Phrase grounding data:
....

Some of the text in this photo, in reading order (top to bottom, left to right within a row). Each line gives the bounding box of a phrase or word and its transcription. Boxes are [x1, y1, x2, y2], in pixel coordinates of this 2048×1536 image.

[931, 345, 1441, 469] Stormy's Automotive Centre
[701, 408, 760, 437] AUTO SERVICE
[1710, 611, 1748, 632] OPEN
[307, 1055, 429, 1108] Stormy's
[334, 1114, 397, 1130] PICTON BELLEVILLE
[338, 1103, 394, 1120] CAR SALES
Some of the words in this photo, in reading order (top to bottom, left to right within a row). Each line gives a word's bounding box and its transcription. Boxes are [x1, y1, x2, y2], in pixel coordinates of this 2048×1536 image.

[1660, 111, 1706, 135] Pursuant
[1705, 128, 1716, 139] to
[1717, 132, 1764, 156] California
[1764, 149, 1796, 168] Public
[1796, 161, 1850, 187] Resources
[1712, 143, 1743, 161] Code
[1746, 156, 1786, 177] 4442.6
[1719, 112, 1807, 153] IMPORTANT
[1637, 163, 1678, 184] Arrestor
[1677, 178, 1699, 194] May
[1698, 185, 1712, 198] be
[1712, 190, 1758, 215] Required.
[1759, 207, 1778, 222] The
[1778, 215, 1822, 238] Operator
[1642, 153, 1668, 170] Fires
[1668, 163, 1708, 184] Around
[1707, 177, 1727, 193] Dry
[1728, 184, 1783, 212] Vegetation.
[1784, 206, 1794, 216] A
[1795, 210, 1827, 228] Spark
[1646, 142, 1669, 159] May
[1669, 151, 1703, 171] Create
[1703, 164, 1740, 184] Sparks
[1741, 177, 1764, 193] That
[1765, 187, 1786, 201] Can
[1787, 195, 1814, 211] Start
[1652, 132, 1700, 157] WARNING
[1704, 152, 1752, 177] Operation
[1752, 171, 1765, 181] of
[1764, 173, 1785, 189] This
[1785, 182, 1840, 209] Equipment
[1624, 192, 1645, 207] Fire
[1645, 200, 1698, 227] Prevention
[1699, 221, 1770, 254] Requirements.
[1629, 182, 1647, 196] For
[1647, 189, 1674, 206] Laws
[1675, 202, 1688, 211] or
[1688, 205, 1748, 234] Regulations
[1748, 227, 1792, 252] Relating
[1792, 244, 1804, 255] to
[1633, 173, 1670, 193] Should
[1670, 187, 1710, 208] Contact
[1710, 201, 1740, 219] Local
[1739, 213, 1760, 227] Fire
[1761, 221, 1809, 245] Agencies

....

WORK TASK ->
The reply must repeat all of the records precisely.

RESULT OF THIS EXERCISE ->
Some of the text in this photo, in reading order (top to bottom, left to right within a row). Each line gives the bounding box of a phrase or word and its transcription. Boxes are [x1, y1, x2, y2], in pixel coordinates of this 2048×1536 image.

[931, 345, 1441, 469] Stormy's Automotive Centre
[701, 408, 760, 437] AUTO SERVICE
[1710, 611, 1748, 632] OPEN
[307, 1055, 429, 1108] Stormy's
[334, 1114, 397, 1130] PICTON BELLEVILLE
[338, 1103, 394, 1120] CAR SALES
Some of the words in this photo, in reading order (top to bottom, left to right within a row). Each line gives a word's bounding box and its transcription. Boxes are [x1, y1, x2, y2], in pixel coordinates of this 2048×1536 image.

[1660, 111, 1706, 135] Pursuant
[1705, 128, 1716, 139] to
[1717, 132, 1764, 156] California
[1764, 149, 1796, 168] Public
[1796, 161, 1850, 187] Resources
[1712, 143, 1743, 161] Code
[1746, 156, 1786, 177] 4442.6
[1719, 112, 1807, 153] IMPORTANT
[1637, 163, 1678, 184] Arrestor
[1677, 178, 1699, 194] May
[1698, 185, 1712, 198] be
[1712, 190, 1758, 215] Required.
[1759, 207, 1778, 222] The
[1778, 215, 1822, 238] Operator
[1642, 153, 1668, 170] Fires
[1668, 163, 1708, 184] Around
[1707, 177, 1727, 193] Dry
[1728, 184, 1783, 212] Vegetation.
[1784, 206, 1794, 216] A
[1795, 210, 1827, 228] Spark
[1646, 142, 1669, 159] May
[1669, 151, 1703, 171] Create
[1703, 164, 1740, 184] Sparks
[1741, 177, 1764, 193] That
[1765, 187, 1786, 201] Can
[1787, 195, 1814, 211] Start
[1652, 132, 1700, 157] WARNING
[1704, 152, 1752, 177] Operation
[1752, 171, 1765, 181] of
[1764, 173, 1785, 189] This
[1785, 182, 1840, 209] Equipment
[1624, 192, 1645, 207] Fire
[1645, 200, 1698, 227] Prevention
[1699, 221, 1770, 254] Requirements.
[1629, 182, 1647, 196] For
[1647, 189, 1674, 206] Laws
[1675, 202, 1688, 211] or
[1688, 205, 1748, 234] Regulations
[1748, 227, 1792, 252] Relating
[1792, 244, 1804, 255] to
[1633, 173, 1670, 193] Should
[1670, 187, 1710, 208] Contact
[1710, 201, 1740, 219] Local
[1739, 213, 1760, 227] Fire
[1761, 221, 1809, 245] Agencies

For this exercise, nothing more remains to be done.